さらに、中心偏析の抑制が確認された実施例の中でも、さらに、距離Xが10.0≦X≦22.3の範囲である場合に、圧下勾配Yが2.0≦Y≦3.5(表中に◎で示す)である実施例(No.20,29,36,43,49)では、V偏析が見られなかった(表中のV偏析の欄に◎で示す)。

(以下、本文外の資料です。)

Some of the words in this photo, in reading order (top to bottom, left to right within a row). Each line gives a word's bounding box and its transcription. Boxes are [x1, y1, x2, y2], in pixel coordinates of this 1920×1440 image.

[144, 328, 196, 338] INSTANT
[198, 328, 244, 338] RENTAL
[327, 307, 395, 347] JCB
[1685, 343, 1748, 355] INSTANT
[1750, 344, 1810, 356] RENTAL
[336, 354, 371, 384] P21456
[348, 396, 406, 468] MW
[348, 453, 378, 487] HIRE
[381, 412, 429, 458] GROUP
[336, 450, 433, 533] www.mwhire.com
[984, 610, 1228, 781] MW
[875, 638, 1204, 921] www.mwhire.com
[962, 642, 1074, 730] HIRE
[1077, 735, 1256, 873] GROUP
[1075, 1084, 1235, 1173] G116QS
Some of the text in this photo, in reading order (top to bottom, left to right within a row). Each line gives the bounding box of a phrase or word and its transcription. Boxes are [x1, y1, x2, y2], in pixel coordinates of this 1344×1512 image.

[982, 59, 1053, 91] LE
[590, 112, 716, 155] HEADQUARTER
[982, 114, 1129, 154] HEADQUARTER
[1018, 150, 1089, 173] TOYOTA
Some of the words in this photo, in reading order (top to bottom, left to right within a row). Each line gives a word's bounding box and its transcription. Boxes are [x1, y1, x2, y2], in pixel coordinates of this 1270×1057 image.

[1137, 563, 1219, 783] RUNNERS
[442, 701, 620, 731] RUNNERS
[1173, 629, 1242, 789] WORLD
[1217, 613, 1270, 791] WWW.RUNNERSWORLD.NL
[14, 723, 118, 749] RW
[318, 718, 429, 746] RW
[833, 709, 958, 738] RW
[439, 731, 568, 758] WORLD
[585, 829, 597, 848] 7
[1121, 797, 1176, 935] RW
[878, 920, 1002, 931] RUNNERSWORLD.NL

本発明の実施形態に係る連鋳機の概略構成図である。 鋳片の断面サイズを示す図である。 鋳片内に中心偏析及びV偏析が生じている状態を模式的に示す、鋳片の鉛直断面図である。 ロール面間距離と圧下勾配の関係を説明する説明図である。 圧下ロール対の配置構成を示す概略図である。 図5の一点鎖線で囲まれた部分の拡大図である。 炭素の中心偏析(Cmax/C0)と線材の断線回数との関係を示すグラフである。 珪素の中心偏析(Simax/Si0)と線材の断線回数との関係を示すグラフである。 マンガンの中心偏析(Mnmax/Mn0)と線材の断線回数との関係を示すグラフである。 鋳片からの中心偏析評価のためのサンプル片の切り出しに関する説明図である。 ドリルにより切り屑を採取するときのサンプル片の表面を示す図である。 凝固伝熱計算の計算結果を示すグラフである。
符号の説明
1 鋳型
4 圧下ロール対
5 圧下ロール
6,7 ロールスタンド
20 中心偏析
21 V偏析
100 連鋳機

Claims (2)

  1. 炭素含有量が0.70〜0.90wt%、珪素含有量が0.15〜0.25wt%、マンガン含有量が0.45〜0.55wt%の範囲のスチールコード用鋼であり、過熱度が10〜45℃の溶鋼を、0.25〜1.0l/kgの比水量で冷却しながら0.50〜0.65m/minの鋳造速度で連続鋳造して、厚みTが380±30mm、幅Bと厚みTとの比B/Tが1〜2の鋳片を製造する際に、前記鋳片を複数のロール対により軽圧下する方法であって、
    溶鋼のメニスカスからの鋳造方向距離をX[m]、鋳造方向に対する前記ロール対の面間距離の減少勾配をY[mm/m]としたときに、
    10.0≦X≦22.3の範囲において、0≦Y≦5.0
    22.3≦X≦25.9の範囲において、2.0≦Y≦3.0
    25.9≦X≦27.5の範囲において、0.6≦Y≦2.6
    27.5≦X≦32.3の範囲において、0.5≦Y≦1.5
    であることを特徴とする連続鋳造における鋳片の軽圧下方法。
  2. 10.0≦X≦22.3の範囲において、2.0≦Y≦3.5であることを特徴とする請求項1に記載の連続鋳造における鋳片の軽圧下方法。